Good news? Perhaps, but it's hard to call this great news. Even in the press release announcing the acquisition, Stratasys admits that the entire "global addressable" market for industrial stereolithography systems is only about $150 million, and growing only about 10% per year. RPS would need to grab a very large fraction of that market indeed, if it were to move the needle much on Stratasys's annual revenue stream of $538 million. Moreover, if RPS's business grows at only the average 10% -- or even a bit better than that average -- it's more likely to slow down Stratasys' own total (analyst-projected) earnings growth rate of 30%, rather than speed it up.
On the plus side, Stratasys didn't say how much it paid for RPS, which implies the number wasn't material. Net-net, this news feels pretty "meh," to me.
Of course, by the same token, merely "meh" news doesn't really explain why Stratasys stock is going down so much today -- or why 3D Systems and Desktop Metal are following it down.
My guess? Investors are starting to feel nervous about earnings.

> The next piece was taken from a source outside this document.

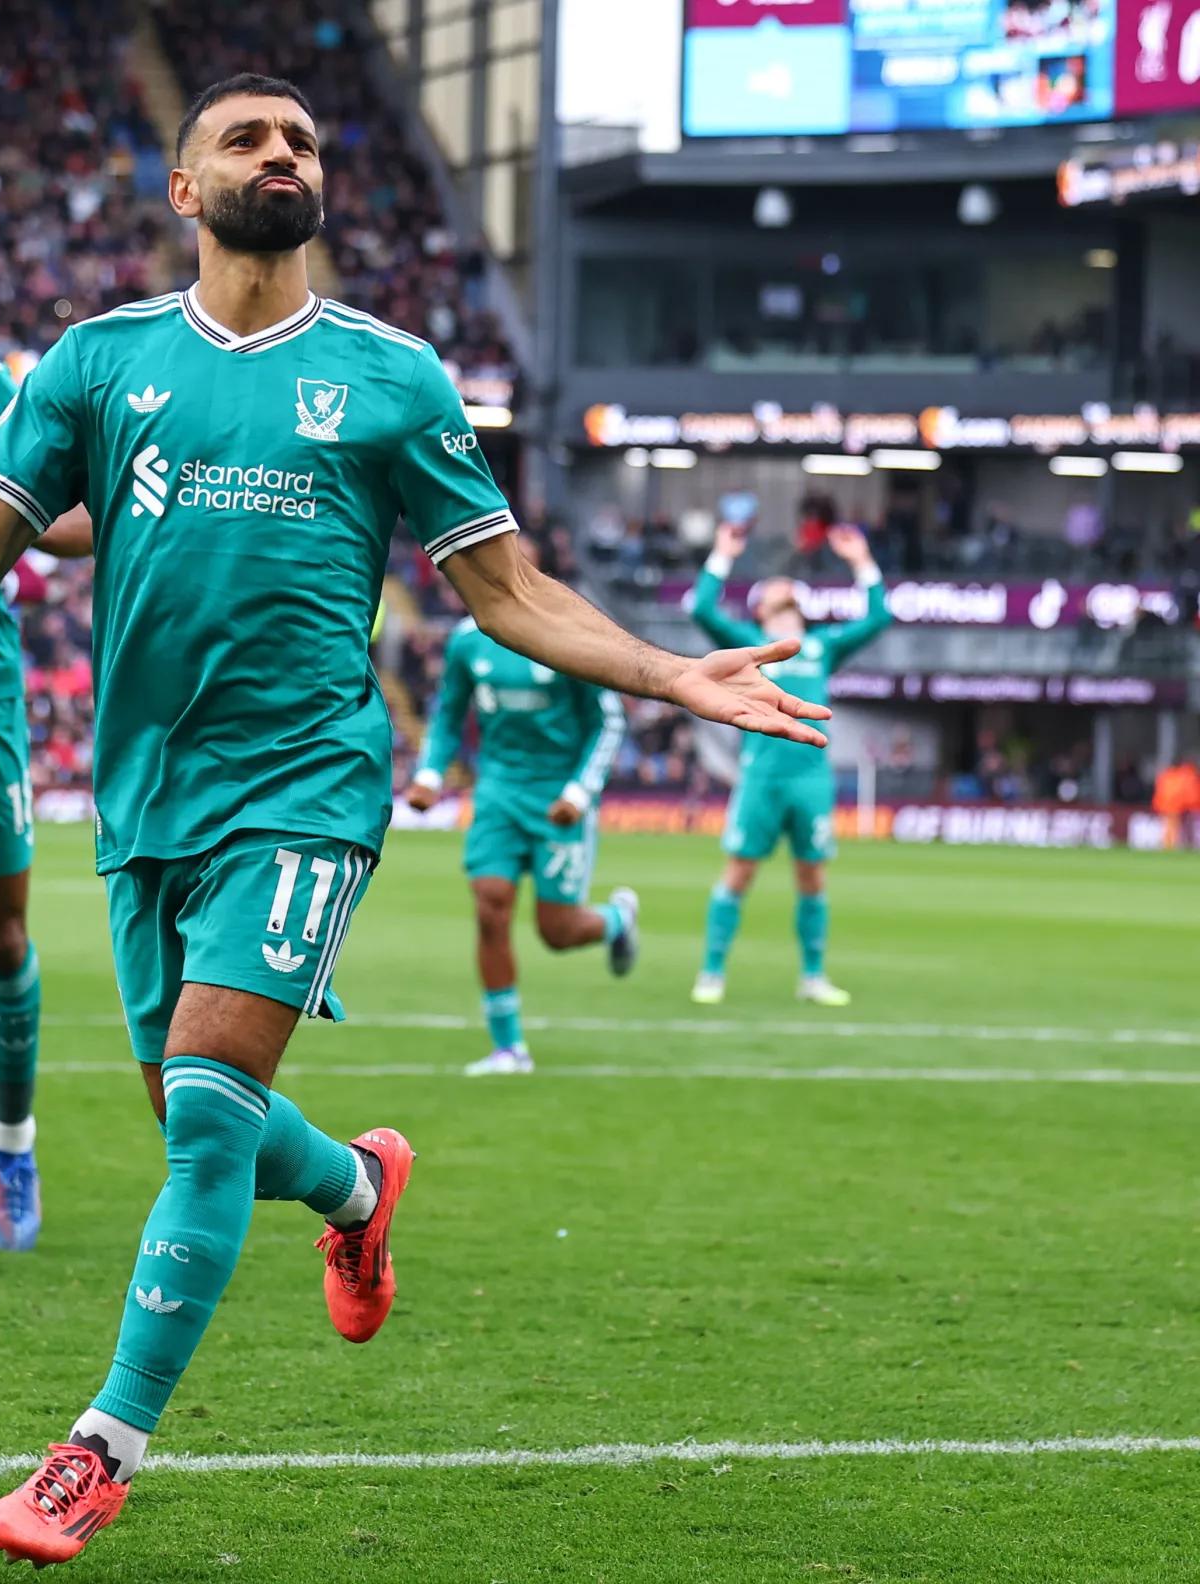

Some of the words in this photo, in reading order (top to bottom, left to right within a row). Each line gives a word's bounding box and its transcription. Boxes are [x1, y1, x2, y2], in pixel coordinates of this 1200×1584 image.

[179, 459, 314, 495] standard
[177, 484, 317, 520] chartered
[266, 848, 337, 944] 11
[143, 1239, 190, 1264] LFC

3D Systems is due out with fourth-quarter earnings on Feb. 24, with Stratasys reporting a week later on March 1. Analysts have Stratasys pegged for only a breakeven quarter -- much worse than the $0.18 per share it earned a year ago. And 3D Systems, although it told us last month that it might earn a profit, also might not.

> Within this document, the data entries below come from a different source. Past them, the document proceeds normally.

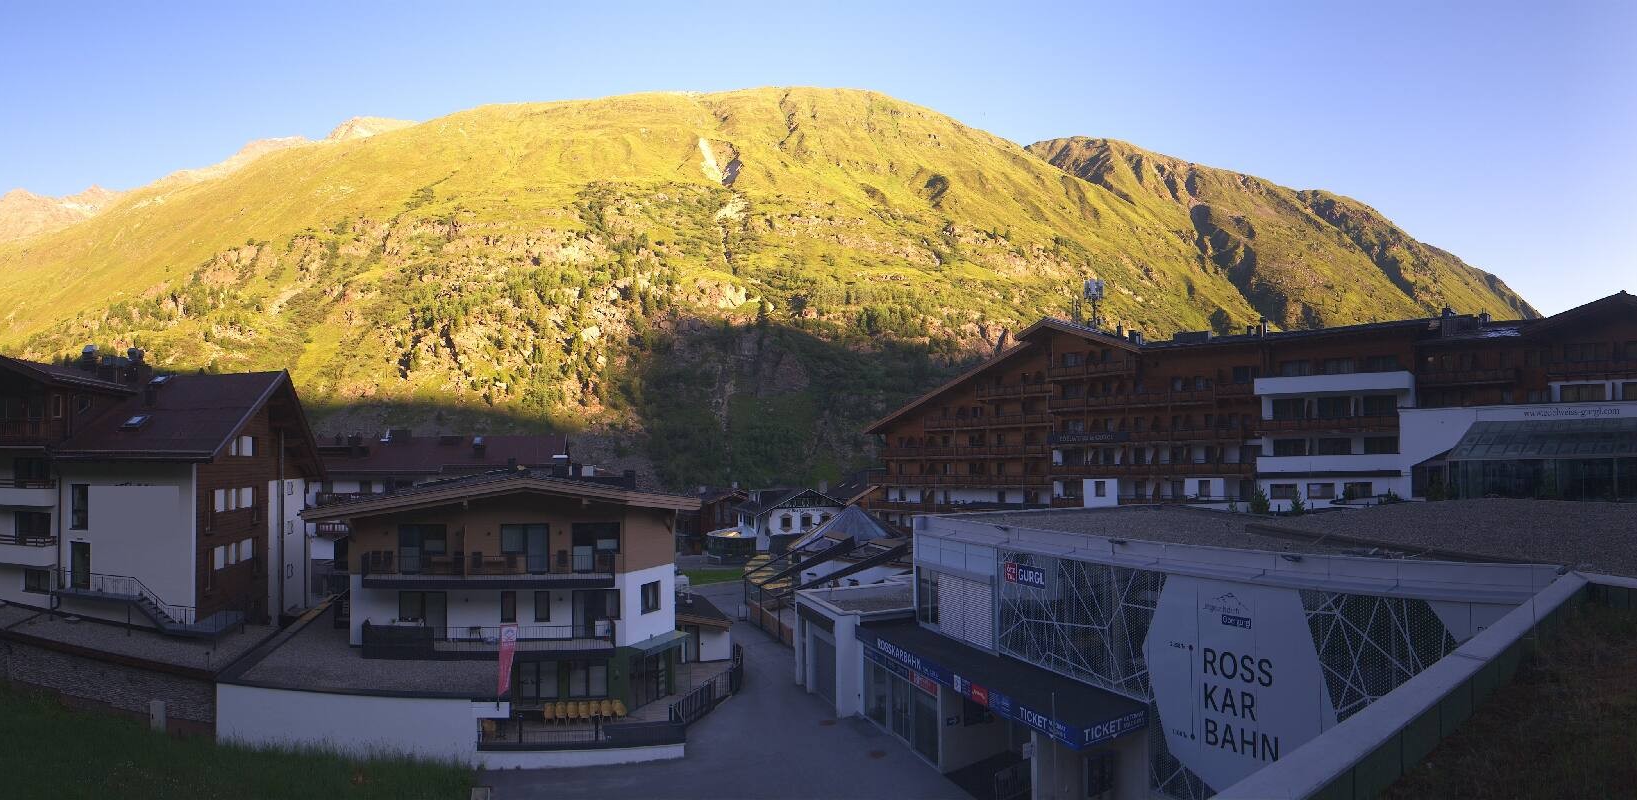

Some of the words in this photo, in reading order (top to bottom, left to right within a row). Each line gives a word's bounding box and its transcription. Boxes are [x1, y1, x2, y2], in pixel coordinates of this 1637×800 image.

[1018, 568, 1045, 586] GURGL
[876, 637, 921, 670] ROSSKARBAHN
[1203, 647, 1274, 688] ROSS
[1019, 706, 1048, 730] TICKET
[1203, 682, 1257, 722] KAR
[1083, 717, 1124, 742] TICKET
[1204, 717, 1280, 762] BAHN

As for recent IPO Desktop Metal, it hasn't announced an earnings date yet. Still, it's logical to assume that any bad news reported by the two leading names in 3D printing could have a knock-on effect for Desktop Metal stock as well, especially as analysts aren't too optimistic about the stock to begin with -- predicting a $0.07 loss for the current quarter.
Seeing as the only good news we saw in the sector wasn't all that great today, it's understandable that investors might have decided to focus on the prospects of the potential bad news coming down the pike, instead.